*** Opening SUPPLIED MATERIAL ***

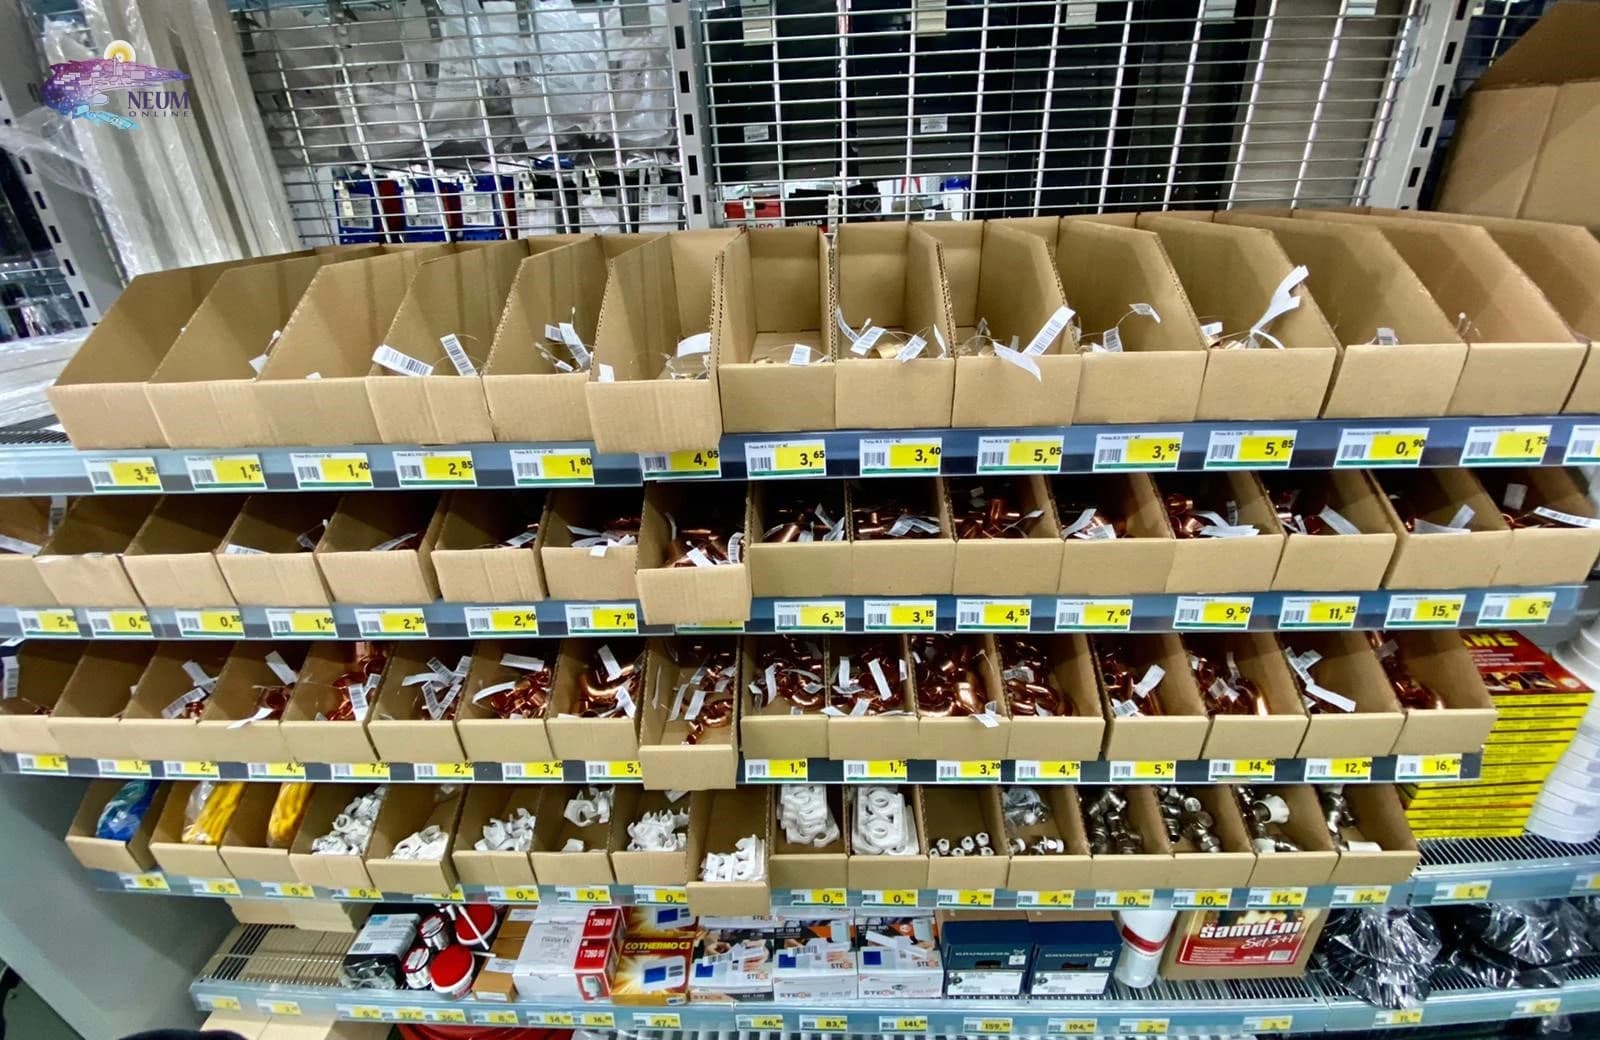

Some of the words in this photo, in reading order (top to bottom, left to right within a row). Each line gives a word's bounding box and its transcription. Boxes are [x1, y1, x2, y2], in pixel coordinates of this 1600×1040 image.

[1152, 444, 1180, 461] 3,95
[1264, 440, 1293, 457] 5,85
[1395, 439, 1425, 456] 0,90
[1524, 437, 1548, 453] 1,75
[694, 450, 719, 467] 4,05
[800, 450, 826, 466] 3,65
[915, 447, 941, 463] 3,40
[1034, 447, 1061, 463] 5,05
[348, 464, 370, 478] 1,40
[449, 461, 473, 478] 2,85
[569, 457, 593, 474] 1,80
[614, 612, 635, 627] 7,10
[822, 611, 845, 625] 6,35
[913, 609, 934, 624] 3,15
[1005, 608, 1030, 623] 4,55
[1107, 608, 1131, 623] 7,60
[1226, 606, 1251, 621] 9,50
[627, 762, 641, 775] 5,1
[790, 762, 806, 774] 1,10
[1154, 763, 1174, 776] 5,10
[625, 942, 678, 951] COTHERMO
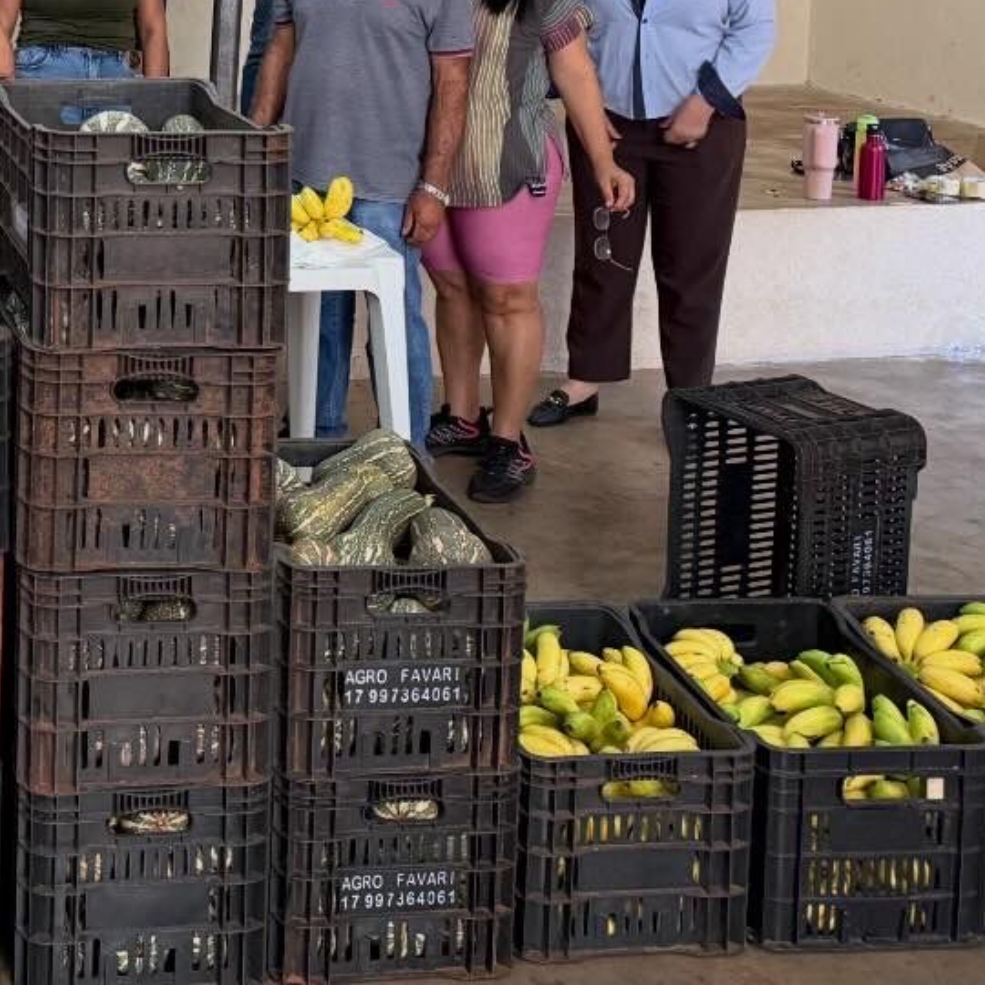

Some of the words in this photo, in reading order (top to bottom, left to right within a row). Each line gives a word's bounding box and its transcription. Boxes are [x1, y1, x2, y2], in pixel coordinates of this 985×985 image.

[345, 668, 388, 685] AGRO
[400, 666, 460, 683] FAVARI
[342, 875, 384, 891] AGRO
[396, 871, 456, 887] FAVARI

*** Closing SUPPLIED MATERIAL ***

◆ **REQUIREMENT**:
All entries, top to bottom, should be retyped exactly; the pictures should not be.

◆ **RESULT**:
Some of the words in this photo, in reading order (top to bottom, left to right within a row). Each line gives a word's bounding box and its transcription. Boxes are [x1, y1, x2, y2], in pixel coordinates of this 1600×1040 image.

[1152, 444, 1180, 461] 3,95
[1264, 440, 1293, 457] 5,85
[1395, 439, 1425, 456] 0,90
[1524, 437, 1548, 453] 1,75
[694, 450, 719, 467] 4,05
[800, 450, 826, 466] 3,65
[915, 447, 941, 463] 3,40
[1034, 447, 1061, 463] 5,05
[348, 464, 370, 478] 1,40
[449, 461, 473, 478] 2,85
[569, 457, 593, 474] 1,80
[614, 612, 635, 627] 7,10
[822, 611, 845, 625] 6,35
[913, 609, 934, 624] 3,15
[1005, 608, 1030, 623] 4,55
[1107, 608, 1131, 623] 7,60
[1226, 606, 1251, 621] 9,50
[627, 762, 641, 775] 5,1
[790, 762, 806, 774] 1,10
[1154, 763, 1174, 776] 5,10
[625, 942, 678, 951] COTHERMO

Some of the words in this photo, in reading order (top to bottom, left to right within a row). Each line gives a word's bounding box and its transcription. Boxes are [x1, y1, x2, y2], in pixel coordinates of this 985×985 image.

[345, 668, 388, 685] AGRO
[400, 666, 460, 683] FAVARI
[342, 875, 384, 891] AGRO
[396, 871, 456, 887] FAVARI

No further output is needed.